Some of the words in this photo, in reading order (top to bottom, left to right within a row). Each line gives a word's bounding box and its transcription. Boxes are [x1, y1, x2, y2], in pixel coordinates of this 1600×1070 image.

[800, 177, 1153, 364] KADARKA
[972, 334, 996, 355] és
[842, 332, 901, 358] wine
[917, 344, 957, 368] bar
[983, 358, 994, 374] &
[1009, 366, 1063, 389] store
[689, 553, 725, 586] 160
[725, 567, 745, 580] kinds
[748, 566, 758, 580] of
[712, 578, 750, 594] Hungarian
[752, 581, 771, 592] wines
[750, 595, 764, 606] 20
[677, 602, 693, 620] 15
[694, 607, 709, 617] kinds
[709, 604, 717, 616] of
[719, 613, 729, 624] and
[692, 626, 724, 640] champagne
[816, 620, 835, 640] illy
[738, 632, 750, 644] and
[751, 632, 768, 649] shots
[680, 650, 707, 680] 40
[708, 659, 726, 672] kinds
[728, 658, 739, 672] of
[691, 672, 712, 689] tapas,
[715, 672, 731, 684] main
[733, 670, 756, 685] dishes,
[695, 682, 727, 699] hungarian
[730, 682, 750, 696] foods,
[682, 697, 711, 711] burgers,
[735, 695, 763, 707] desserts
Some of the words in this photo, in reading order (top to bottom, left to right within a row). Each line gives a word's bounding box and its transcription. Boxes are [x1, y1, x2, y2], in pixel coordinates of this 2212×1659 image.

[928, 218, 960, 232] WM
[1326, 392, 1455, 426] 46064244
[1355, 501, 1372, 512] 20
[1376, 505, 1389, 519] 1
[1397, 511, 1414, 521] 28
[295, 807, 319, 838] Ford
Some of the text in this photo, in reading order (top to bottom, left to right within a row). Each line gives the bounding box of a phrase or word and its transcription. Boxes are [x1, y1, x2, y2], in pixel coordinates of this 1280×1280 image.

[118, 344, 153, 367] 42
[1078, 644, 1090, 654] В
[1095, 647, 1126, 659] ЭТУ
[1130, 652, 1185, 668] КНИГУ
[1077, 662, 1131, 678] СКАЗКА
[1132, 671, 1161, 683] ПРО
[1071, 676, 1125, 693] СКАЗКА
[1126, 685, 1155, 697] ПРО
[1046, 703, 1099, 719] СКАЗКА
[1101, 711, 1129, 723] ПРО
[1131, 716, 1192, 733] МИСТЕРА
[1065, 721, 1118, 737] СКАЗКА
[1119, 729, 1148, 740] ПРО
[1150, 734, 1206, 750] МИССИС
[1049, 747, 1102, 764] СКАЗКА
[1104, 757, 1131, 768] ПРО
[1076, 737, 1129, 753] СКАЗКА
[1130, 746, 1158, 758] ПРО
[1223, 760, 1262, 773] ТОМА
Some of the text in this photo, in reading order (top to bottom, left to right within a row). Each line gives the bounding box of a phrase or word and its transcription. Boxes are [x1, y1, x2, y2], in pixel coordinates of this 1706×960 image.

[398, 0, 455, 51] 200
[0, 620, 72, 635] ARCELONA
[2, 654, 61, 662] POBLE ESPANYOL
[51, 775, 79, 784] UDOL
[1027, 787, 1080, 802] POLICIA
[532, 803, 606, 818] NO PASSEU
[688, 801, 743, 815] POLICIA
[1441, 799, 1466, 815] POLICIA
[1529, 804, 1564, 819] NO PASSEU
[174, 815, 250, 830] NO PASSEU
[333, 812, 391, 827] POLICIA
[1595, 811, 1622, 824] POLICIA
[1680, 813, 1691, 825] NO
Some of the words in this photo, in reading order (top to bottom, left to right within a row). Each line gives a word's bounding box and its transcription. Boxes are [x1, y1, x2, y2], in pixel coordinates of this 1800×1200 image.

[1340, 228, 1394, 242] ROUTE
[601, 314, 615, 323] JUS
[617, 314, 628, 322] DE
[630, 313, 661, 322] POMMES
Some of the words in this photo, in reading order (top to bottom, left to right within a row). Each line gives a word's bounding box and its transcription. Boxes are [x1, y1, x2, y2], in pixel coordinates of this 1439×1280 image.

__Exercise objective__
Return the whole listing, word for word.

__Written response__
Some of the words in this photo, in reading order (top to bottom, left to right within a row). Each line gives a word's bounding box and its transcription. Boxes are [x1, y1, x2, y2], in pixel coordinates of this 1600×1070 image.

[800, 177, 1153, 364] KADARKA
[972, 334, 996, 355] és
[842, 332, 901, 358] wine
[917, 344, 957, 368] bar
[983, 358, 994, 374] &
[1009, 366, 1063, 389] store
[689, 553, 725, 586] 160
[725, 567, 745, 580] kinds
[748, 566, 758, 580] of
[712, 578, 750, 594] Hungarian
[752, 581, 771, 592] wines
[750, 595, 764, 606] 20
[677, 602, 693, 620] 15
[694, 607, 709, 617] kinds
[709, 604, 717, 616] of
[719, 613, 729, 624] and
[692, 626, 724, 640] champagne
[816, 620, 835, 640] illy
[738, 632, 750, 644] and
[751, 632, 768, 649] shots
[680, 650, 707, 680] 40
[708, 659, 726, 672] kinds
[728, 658, 739, 672] of
[691, 672, 712, 689] tapas,
[715, 672, 731, 684] main
[733, 670, 756, 685] dishes,
[695, 682, 727, 699] hungarian
[730, 682, 750, 696] foods,
[682, 697, 711, 711] burgers,
[735, 695, 763, 707] desserts
Some of the words in this photo, in reading order (top to bottom, left to right within a row). Each line gives a word's bounding box and its transcription. Boxes are [x1, y1, x2, y2], in pixel coordinates of this 2212×1659 image.

[928, 218, 960, 232] WM
[1326, 392, 1455, 426] 46064244
[1355, 501, 1372, 512] 20
[1376, 505, 1389, 519] 1
[1397, 511, 1414, 521] 28
[295, 807, 319, 838] Ford
Some of the text in this photo, in reading order (top to bottom, left to right within a row). Each line gives the bounding box of a phrase or word and its transcription. Boxes are [x1, y1, x2, y2], in pixel coordinates of this 1280×1280 image.

[118, 344, 153, 367] 42
[1078, 644, 1090, 654] В
[1095, 647, 1126, 659] ЭТУ
[1130, 652, 1185, 668] КНИГУ
[1077, 662, 1131, 678] СКАЗКА
[1132, 671, 1161, 683] ПРО
[1071, 676, 1125, 693] СКАЗКА
[1126, 685, 1155, 697] ПРО
[1046, 703, 1099, 719] СКАЗКА
[1101, 711, 1129, 723] ПРО
[1131, 716, 1192, 733] МИСТЕРА
[1065, 721, 1118, 737] СКАЗКА
[1119, 729, 1148, 740] ПРО
[1150, 734, 1206, 750] МИССИС
[1049, 747, 1102, 764] СКАЗКА
[1104, 757, 1131, 768] ПРО
[1076, 737, 1129, 753] СКАЗКА
[1130, 746, 1158, 758] ПРО
[1223, 760, 1262, 773] ТОМА
Some of the text in this photo, in reading order (top to bottom, left to right within a row). Each line gives the bounding box of a phrase or word and its transcription. Boxes are [x1, y1, x2, y2], in pixel coordinates of this 1706×960 image.

[398, 0, 455, 51] 200
[0, 620, 72, 635] ARCELONA
[2, 654, 61, 662] POBLE ESPANYOL
[51, 775, 79, 784] UDOL
[1027, 787, 1080, 802] POLICIA
[532, 803, 606, 818] NO PASSEU
[688, 801, 743, 815] POLICIA
[1441, 799, 1466, 815] POLICIA
[1529, 804, 1564, 819] NO PASSEU
[174, 815, 250, 830] NO PASSEU
[333, 812, 391, 827] POLICIA
[1595, 811, 1622, 824] POLICIA
[1680, 813, 1691, 825] NO
Some of the words in this photo, in reading order (top to bottom, left to right within a row). Each line gives a word's bounding box and its transcription. Boxes are [x1, y1, x2, y2], in pixel coordinates of this 1800×1200 image.

[1340, 228, 1394, 242] ROUTE
[601, 314, 615, 323] JUS
[617, 314, 628, 322] DE
[630, 313, 661, 322] POMMES
Some of the words in this photo, in reading order (top to bottom, left to right within a row). Each line gives a word's bounding box and its transcription. Boxes are [x1, y1, x2, y2], in pixel coordinates of this 1439×1280 image.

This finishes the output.